[Your task]: Return the data below in full and exactly, except that the pictures are dropped.

[Supplied entries]:
━━━

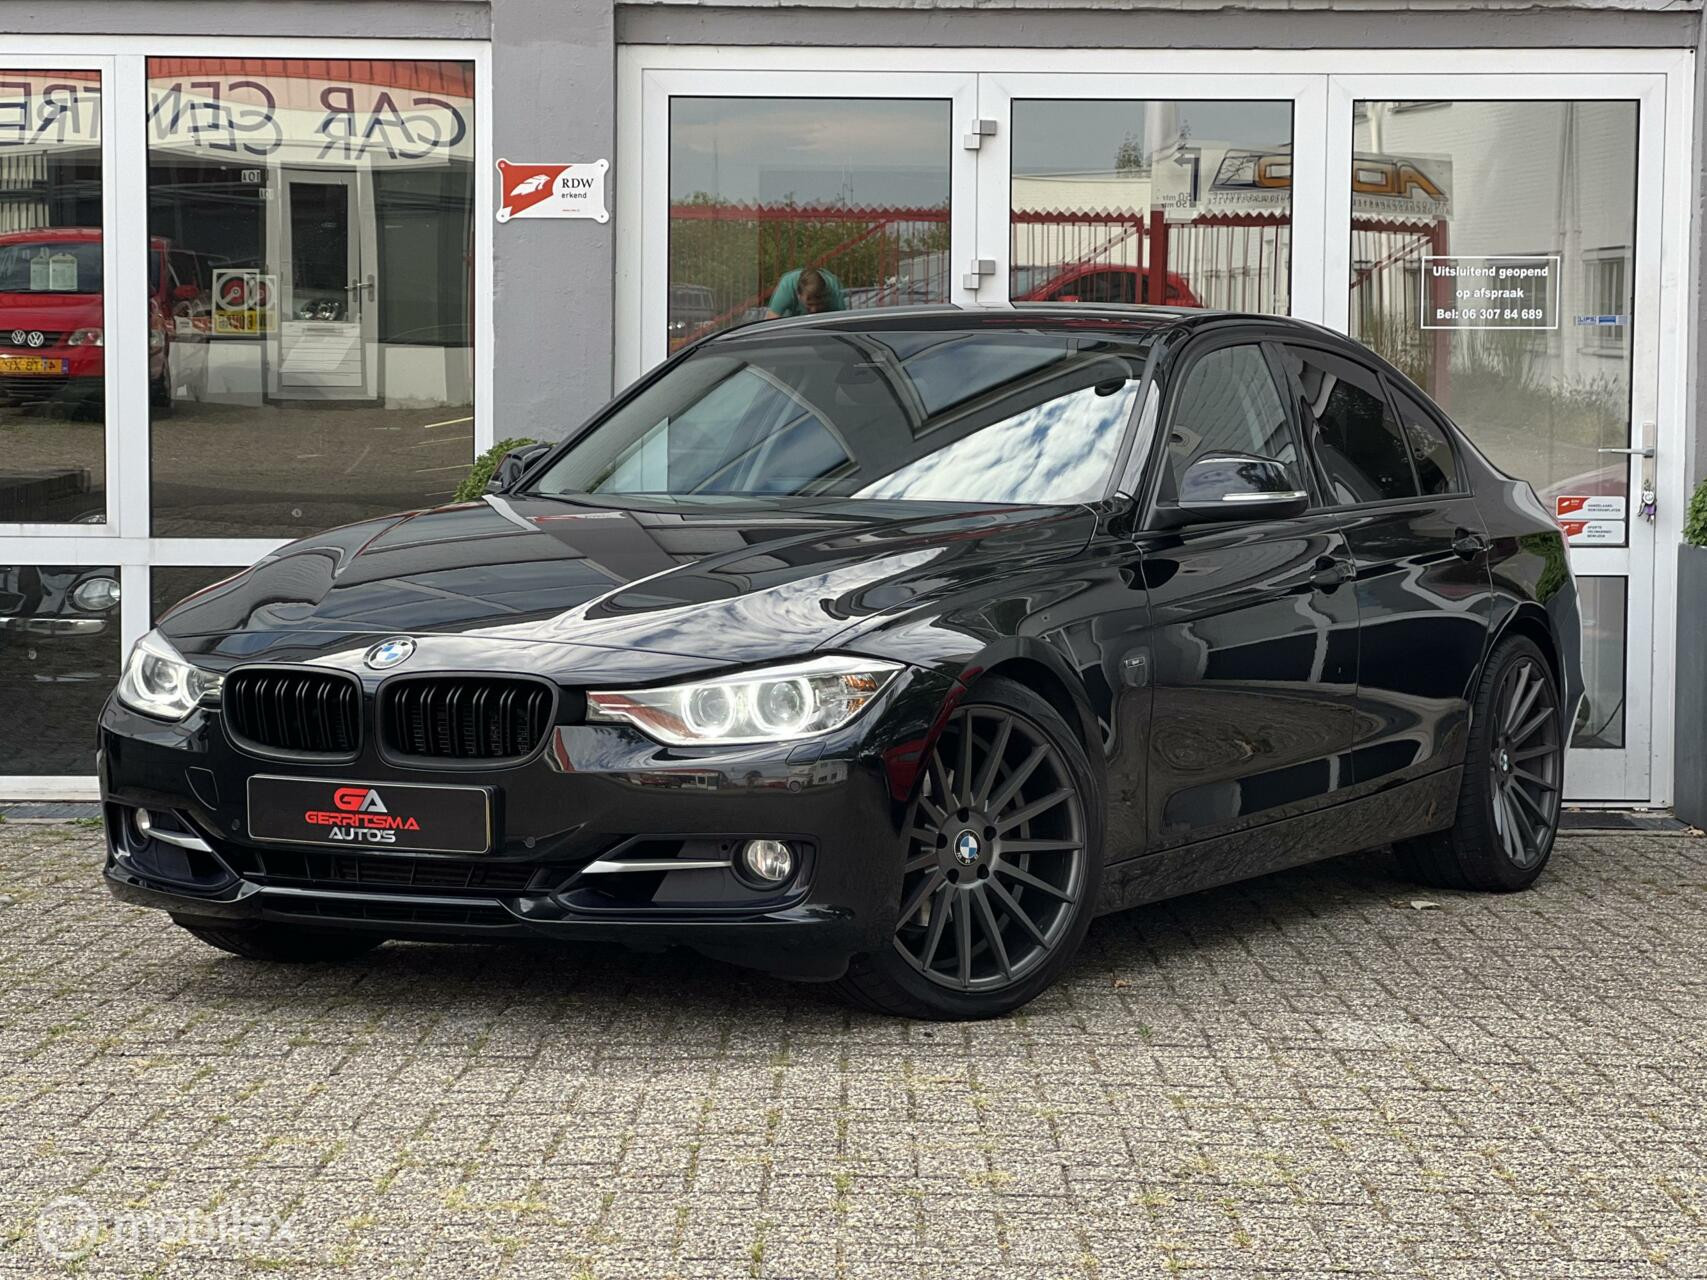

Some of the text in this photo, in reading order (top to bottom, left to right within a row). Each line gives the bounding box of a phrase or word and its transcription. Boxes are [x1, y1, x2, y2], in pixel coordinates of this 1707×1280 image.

[561, 178, 594, 189] RDW
[561, 191, 587, 199] erkend
[1433, 266, 1549, 279] Uitsluitend geopend
[1456, 288, 1524, 299] op afspraak
[1436, 309, 1543, 319] Bel: 06 307 84 689
[333, 787, 388, 813] GA
[304, 811, 420, 831] GERRITSMA
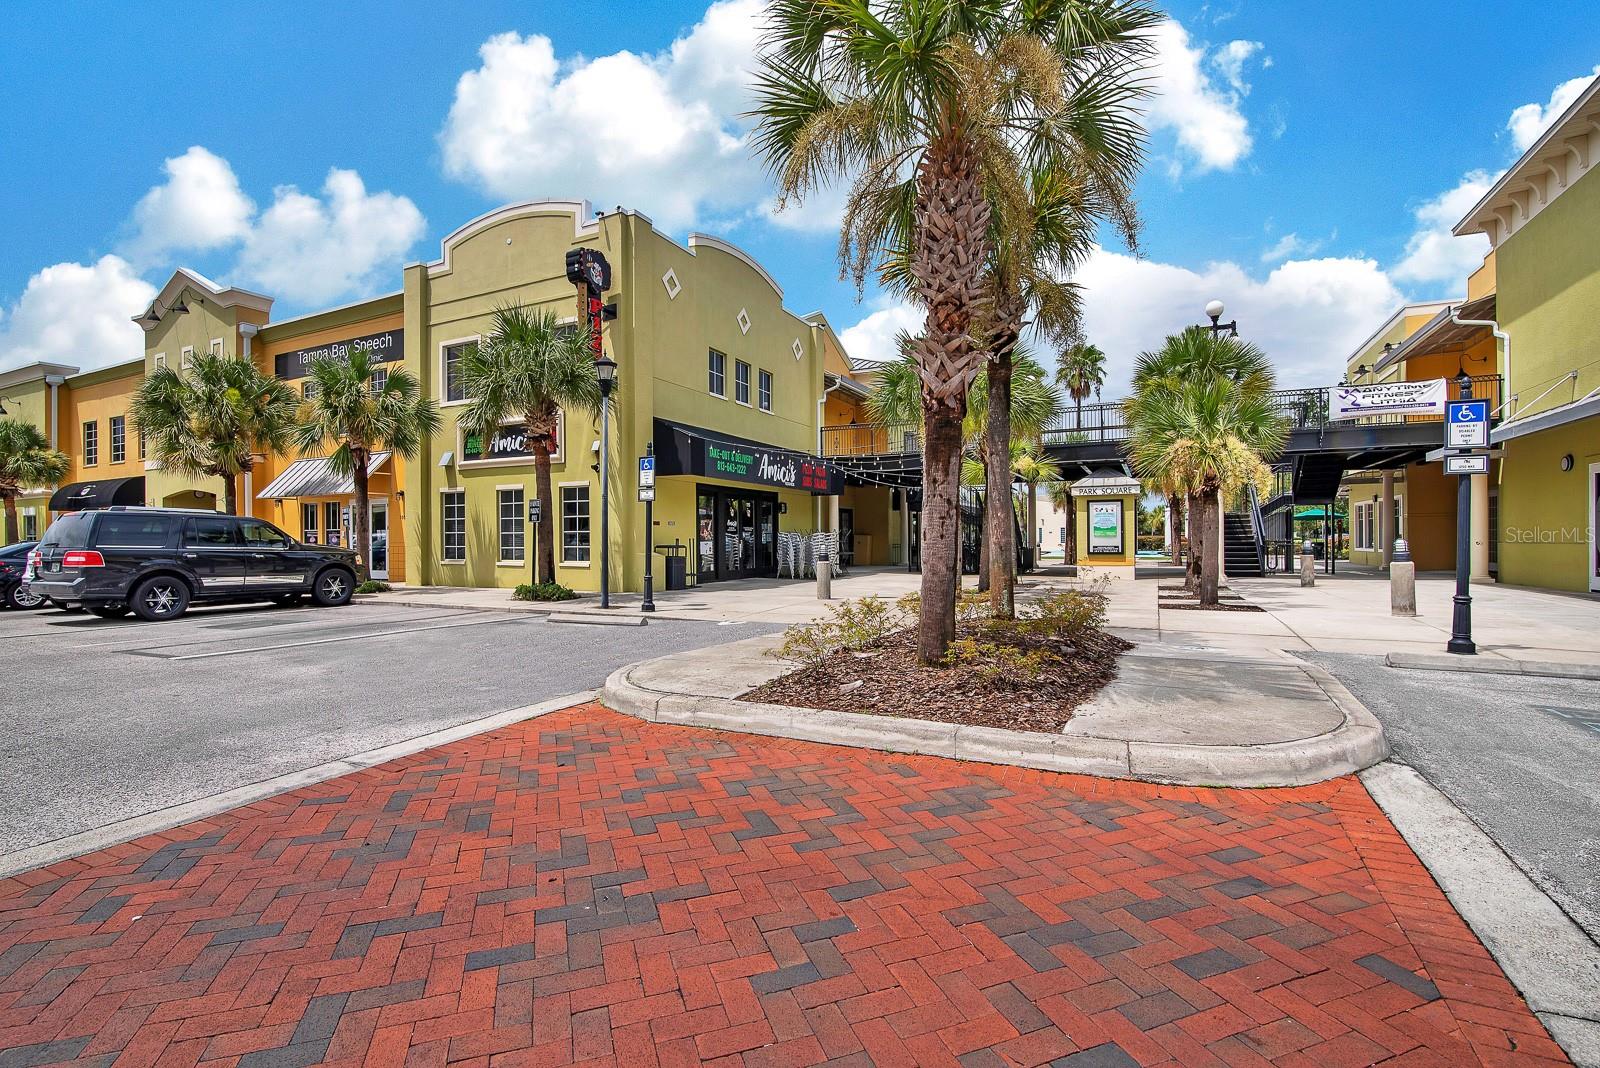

━━━

[Finished task]:
Some of the text in this photo, in reading order (top to bottom, left to right within a row). Each line gives the bounding box of a phrase or word and its transcription. Boxes are [x1, y1, x2, y2], in pixel coordinates of this 1707×1280 image.

[561, 178, 594, 189] RDW
[561, 191, 587, 199] erkend
[1433, 266, 1549, 279] Uitsluitend geopend
[1456, 288, 1524, 299] op afspraak
[1436, 309, 1543, 319] Bel: 06 307 84 689
[333, 787, 388, 813] GA
[304, 811, 420, 831] GERRITSMA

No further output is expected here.